An one might expect, if (while wearing the goggles) you try to touch a pencil held at arms length your finger will miss the target - but after a few goes your mind learns to compensate and ones aim gets better.

But take the goggles off and you start missing the pencil again until your mind recalibrates again

Image Shifting Goggles

Another section looked at the photographs and what makes them look "real", this has resulted in a photographic manipulation technique called "Fovograph" which aims to replicate the way people look at a scene - with higher resolution at the centre and with slight distortion at the sides. You can find out more about the at the Cardiff Metropolitan University website, which describes the project thusly:

"The main purpose of Fovolab is to better understand the nature of visual experience and how to depict it. We do this by combining knowledge and methods from the art, sciences and humanities, each of which has a role to play in solving the complex issues involved.

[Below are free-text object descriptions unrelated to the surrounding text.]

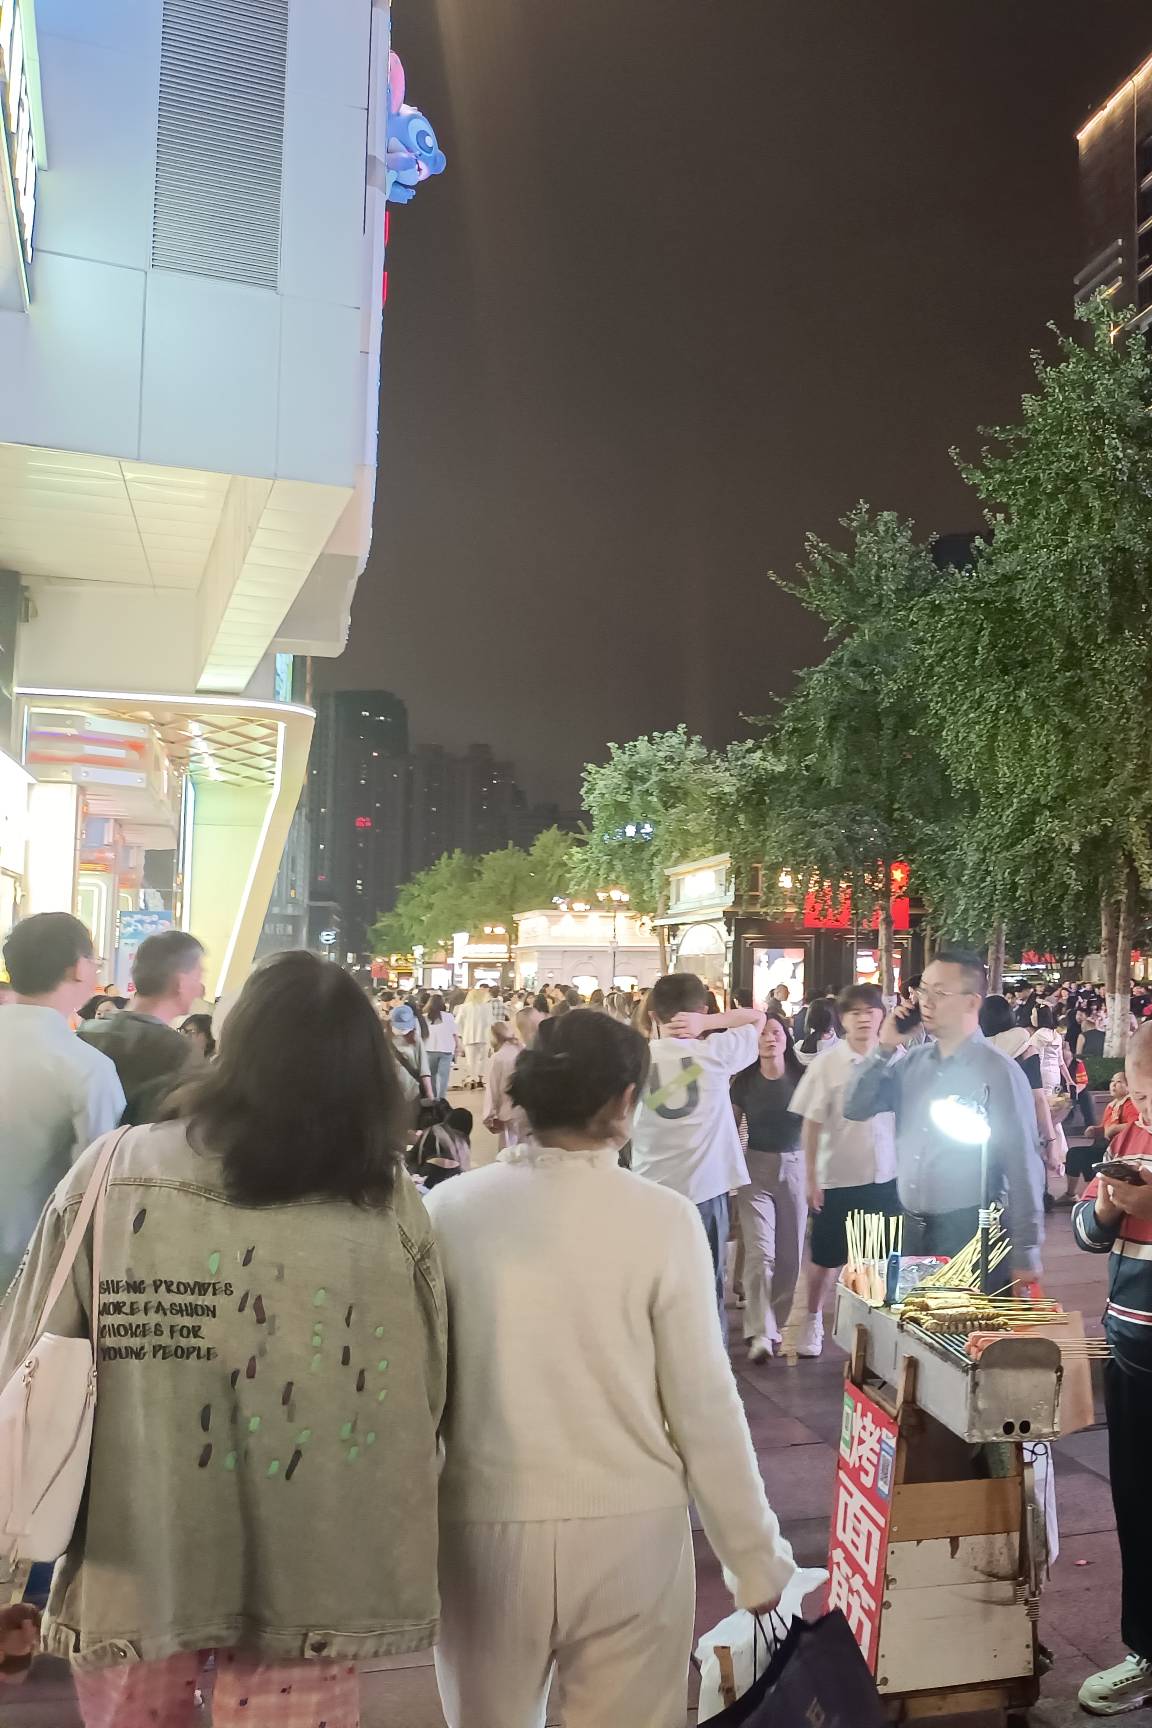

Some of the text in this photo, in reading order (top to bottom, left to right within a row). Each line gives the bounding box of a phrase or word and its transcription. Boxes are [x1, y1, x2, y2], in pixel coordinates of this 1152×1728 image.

[152, 1279, 234, 1296] PROVIDES
[144, 1301, 217, 1318] FASHION
[99, 1323, 205, 1340] CHOICES FOR
[152, 1344, 218, 1360] PEOPLE
[828, 1402, 887, 1661] 烤面筋

We have developed a process called Fovography that overcomes these limitations. It allows us to capture the full field of view (hence the prefix ‘fov’) and present it on a flat surface in a way that appears natural to human perceptions. Moreover, because we represent the human visual field in a natural way the resulting images appear to have much more breadth and much more depth than conventional images. This means we can create, in effect, 3D visual experiences without glasses, goggles, or expensive screens."

Fovography didn't really work for NSB because what NSB prioritises in an image is resolution, focus and being distortion free. But looking at what other people thought of the images suggests that this was a minority view.

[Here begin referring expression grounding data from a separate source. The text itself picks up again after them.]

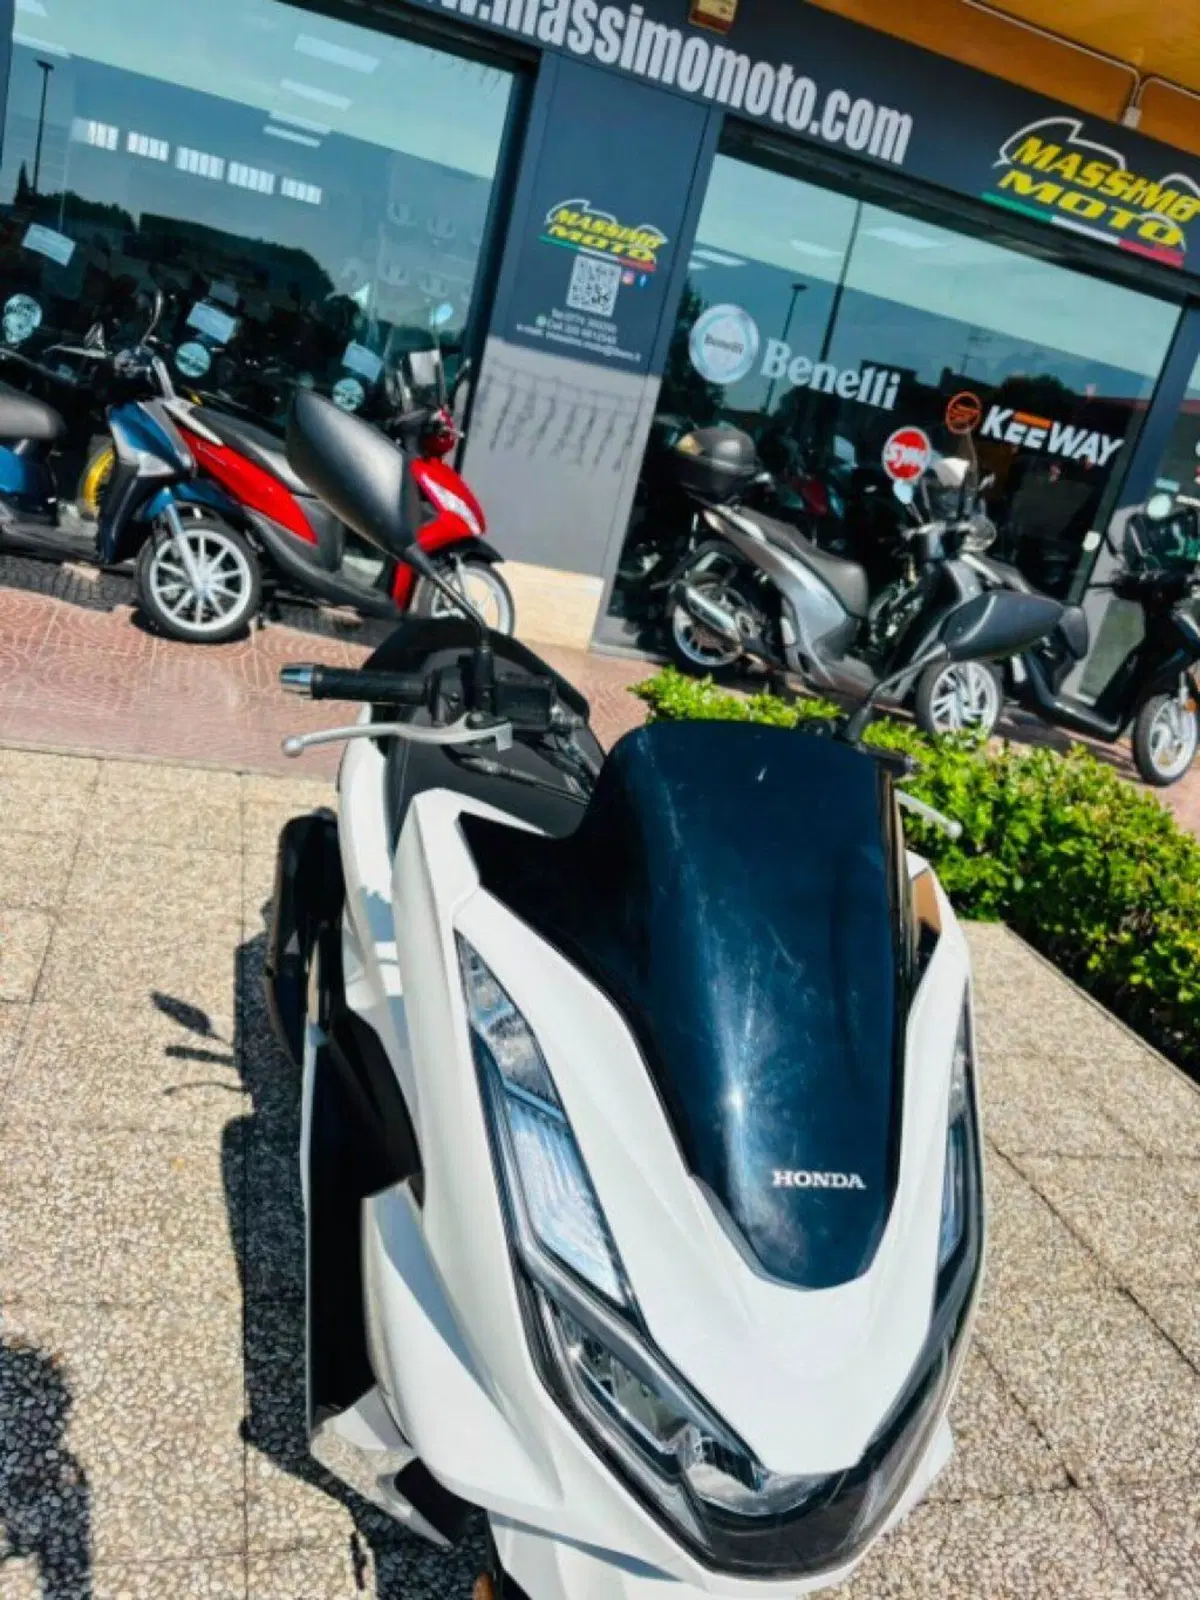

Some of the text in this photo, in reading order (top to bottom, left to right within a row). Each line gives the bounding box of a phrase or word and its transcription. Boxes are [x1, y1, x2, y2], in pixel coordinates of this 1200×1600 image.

[997, 169, 1183, 246] MOTO
[1011, 136, 1200, 222] MASSIMO
[548, 224, 656, 262] MOTO
[553, 208, 662, 249] MASSIMO
[760, 337, 901, 410] Benelli
[771, 1169, 867, 1190] HONDA

You can vote on how the images look yourself at a survey page at Cardiff University.

Related to this were some images by artist Robert Pepperell who attempted to produce drawings that showed what he was actually seeing - complete with lack of focus in peripheral vision - in comparison to a photo of the scene.

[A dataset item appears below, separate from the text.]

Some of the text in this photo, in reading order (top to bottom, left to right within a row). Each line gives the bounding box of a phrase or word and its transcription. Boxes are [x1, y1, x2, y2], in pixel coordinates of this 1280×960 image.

Image of room and Pepperells's perception of it - Interesting stuff

There was also an interesting section where people, young and old, could take part in a "Stroop Test" to see how capable their mind was of ignoring background audio when asked to identify the colour of blocks appearing on a screen (so, for example, avoiding identifying a green block as blue just because a voice through the headphones says "blue".

The aim of the project was to see whether the ability to ignore distractions changes with age, and whether the effect is greater with written or spoken distractions. Rebeccca Hirst, researcher on the project explained to NSB how this was an interesting area of research, with many factors in play - for example, children tend to be rather susceptible to spoken distractions, while adults may have some ability (through experience) to "tune out" some distractions. Rebecca also explained how the project took care to account for variables such as the decline in hearing ability with ageing.

The project is supervised by Harriet Allen whose description of the project comments that:

" I research the links between vision, attention and ageing. How does an instruction to attend to an item get translated into the visual system? How do changes in goals (for example, to do with food, or clinical state) change this? Attention might enhance vision in a number of ways. Attention might simply speed up how quickly we respond to a stimulus, it might make us more likely accept that a stimulus is present, it might reduce the noise associated with the stimulus or increase the signal perceived from the stimulus...

...As well as being interested in the effects of attention on vision, I’m interested in how these change with age. If we try to look for our friend arriving at the station, we could enhance the representation of any new person arriving on the scene, we could suppress the representations of people and things already visible, or both."

You can read more about this subject in a paper by Maria J S Guerreiro et al entitled "The role of sensory modality in age-related distraction: a critical review and a renewed view."

Do you want to try the Stroop Test?

Elsewhere there a display looking at stereo vision, which included "Magic Eye" images and a pair of glasses (a "Wheatstone Stereoscope") that had mirrors which gave one vision as though your eyes were further apart - this had the effect of increasing perception of depth of field.

A paper by Jenny Read fron the University of Newcastle entitled "What is stereoscopic vision good for?" was also available, and is well worth reading.